In all, my book stems from a place of love: love for each one of us who is experiencing life, its challenges and celebrations, each in our unique way. Love for humanity, for we are all the same in many ways. Love for life because of the great mystery that made us all be alive in this very moment.

This is the mission for the book. And I wanted to tell the story in a contained, compact form— with a beginning, a middle and an end. Of course, the story never ends, and I will keep my readers informed here on my blog. There are some interesting facts that I will write about, for example, about the ongoing prosecution and court drama of those who killed Steve. Watch this space for more!

The Vision

Oh, and I also have a vision for the book. The mission is the motivation. The vision for me is more of a longer-term goal. My vision is that someone— it needs just one person—will read the book or hear about it and inspiration will strike them to make a movie about it.

I imagine it as the story of a heroine, of homecoming, of overcoming the greatest obstacles. Questions—like gun violence, cancer, compassion, empathy, illness, grief—all that will be addressed in one movie, and people will leave the movie theater or turn off their gadgets after watching this movie with a renewed sense of the preciousness of life, also with sadness, but overall with the courage to start the new day tomorrow, with a new perspective, and perhaps even with more love. (I imagine I would be played by German actor Sandra Hüller of recent Academy Awards fame, but Steve? Who could possibly embody him?)

I’ve put myself and my precious lifetime wholeheartedly into service of the greater mission and the greater vision of this book. Why else would I sit at the computer in paradise in Costa Rica or my favorite island in Germany and spend several years creating something if I wasn’t in service of the divine that manifests missions and visions?

After all, my spiritual name, Deva Lokita, means “in the presence of the divine.” I believe my book is a representation of that, and may you be touched by the presence of the divine as much as I have been touched by it in my life.

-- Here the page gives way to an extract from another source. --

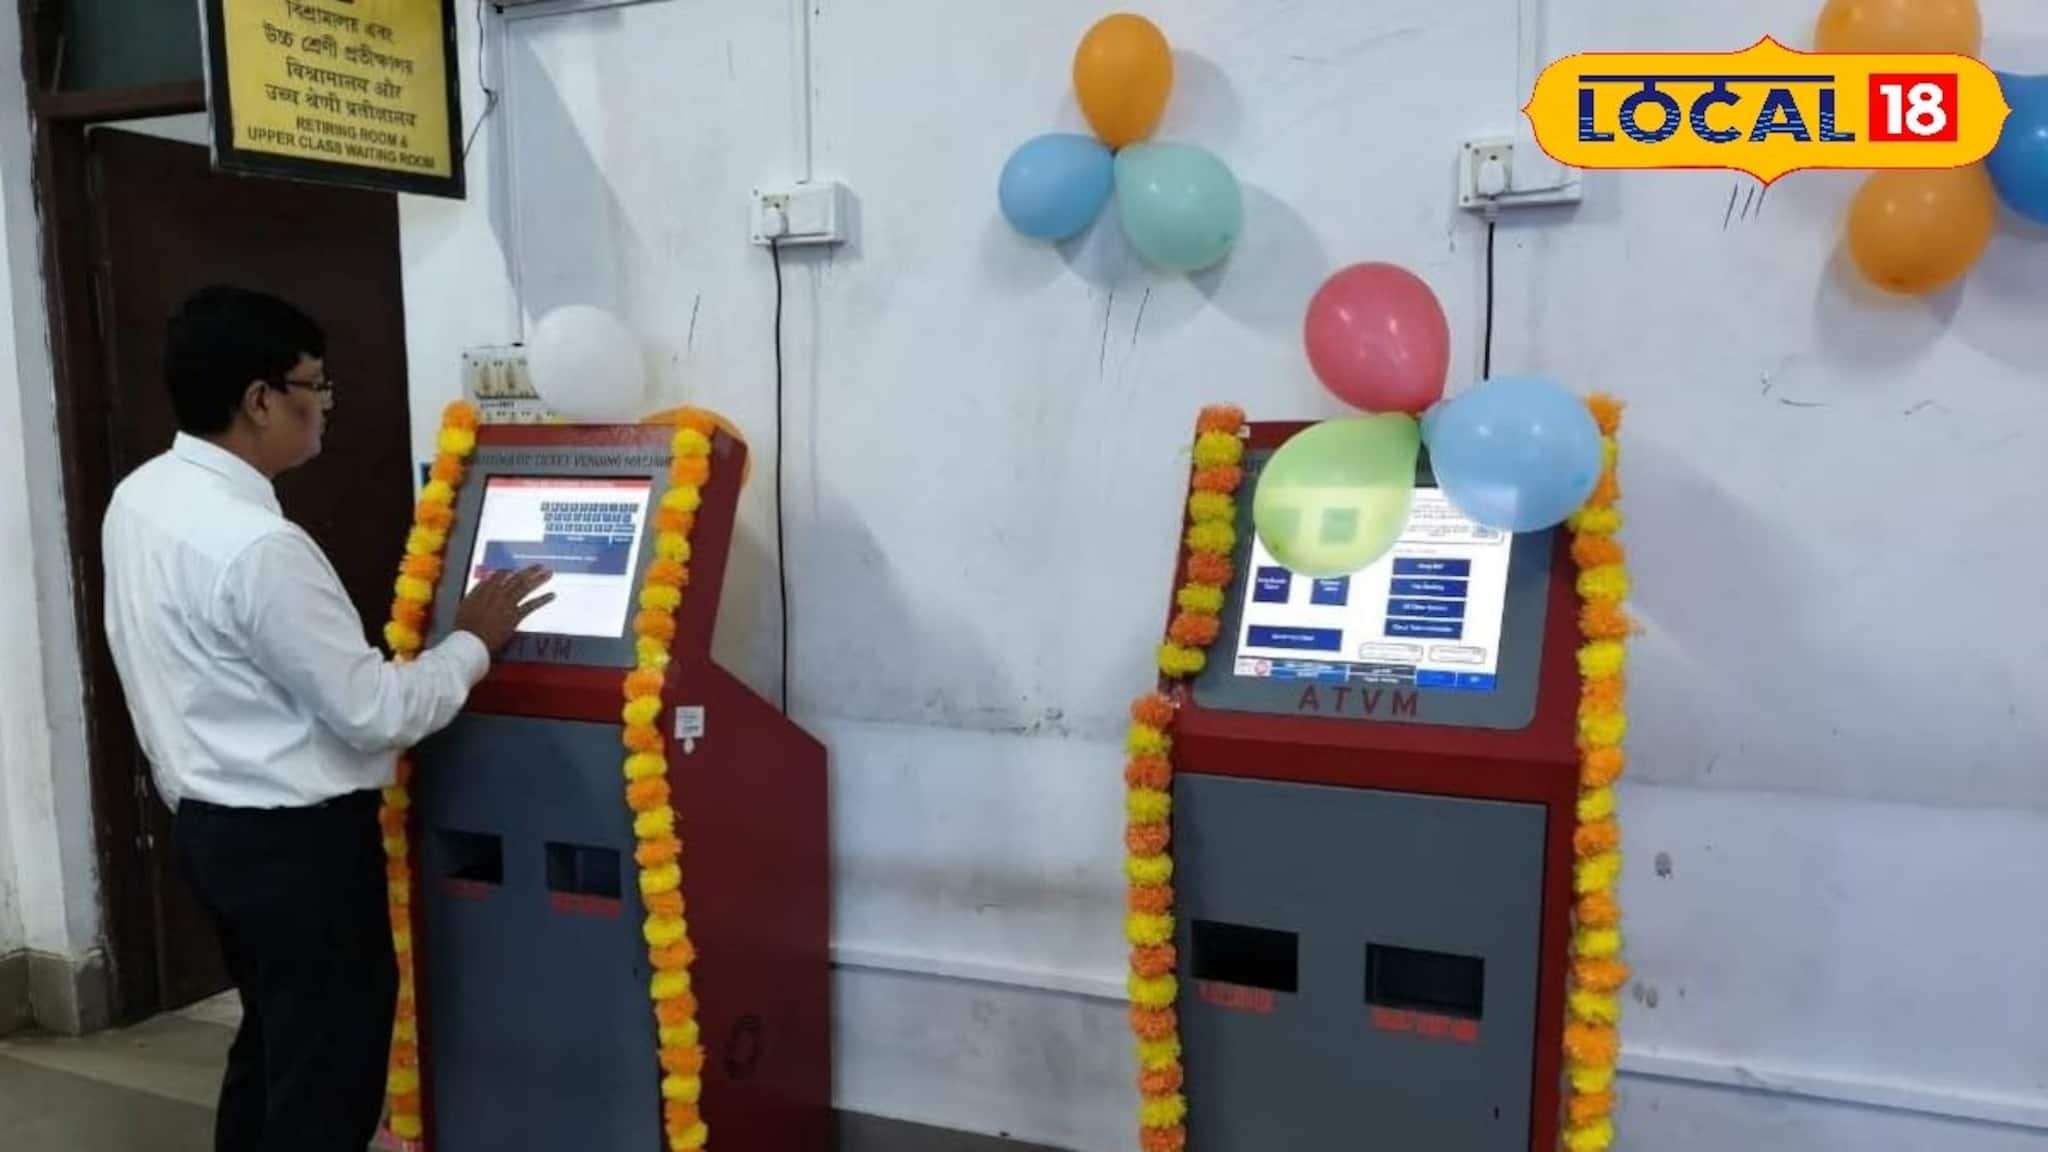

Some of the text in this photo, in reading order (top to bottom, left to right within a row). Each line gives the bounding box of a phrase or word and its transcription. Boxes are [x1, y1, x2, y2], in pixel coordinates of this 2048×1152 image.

[296, 116, 357, 140] RETIRING
[360, 124, 397, 146] ROOM
[248, 126, 435, 169] UPPER CLASS WAITING ROOM
[1298, 684, 1419, 716] ATVM

PS. Stay tuned! The Story of My Book: Part 3, about my audiobook adventure, is coming soon. ♥

“You become more divine as you become more creative. All the religions of the world have said God is the creator. I don’t know whether he is the creator or not, but one thing I know: the more creative you become, the more godly you become. When your creativity comes to a climax, when your whole life becomes creative, you live in God. So, he must be the creator because people who have been creative have been closest to him. Love what you do. Be meditative while you are doing it – whatsoever it is.”

© Osho, gratefully excerpted from The Book of Understanding: Creating Your Own Path to Freedom

7 replies
  1. Todd Kaufmann
    Todd Kaufmann says:

    You are an example and inspiration to those that we call human, facing adversity and hardship, that what appears to hit bottom, the uncanny ability to pull force, the inner strength to come back up and overcome the challenges that might seem devastating, to grow and be an example for others to know their own abilities of creating.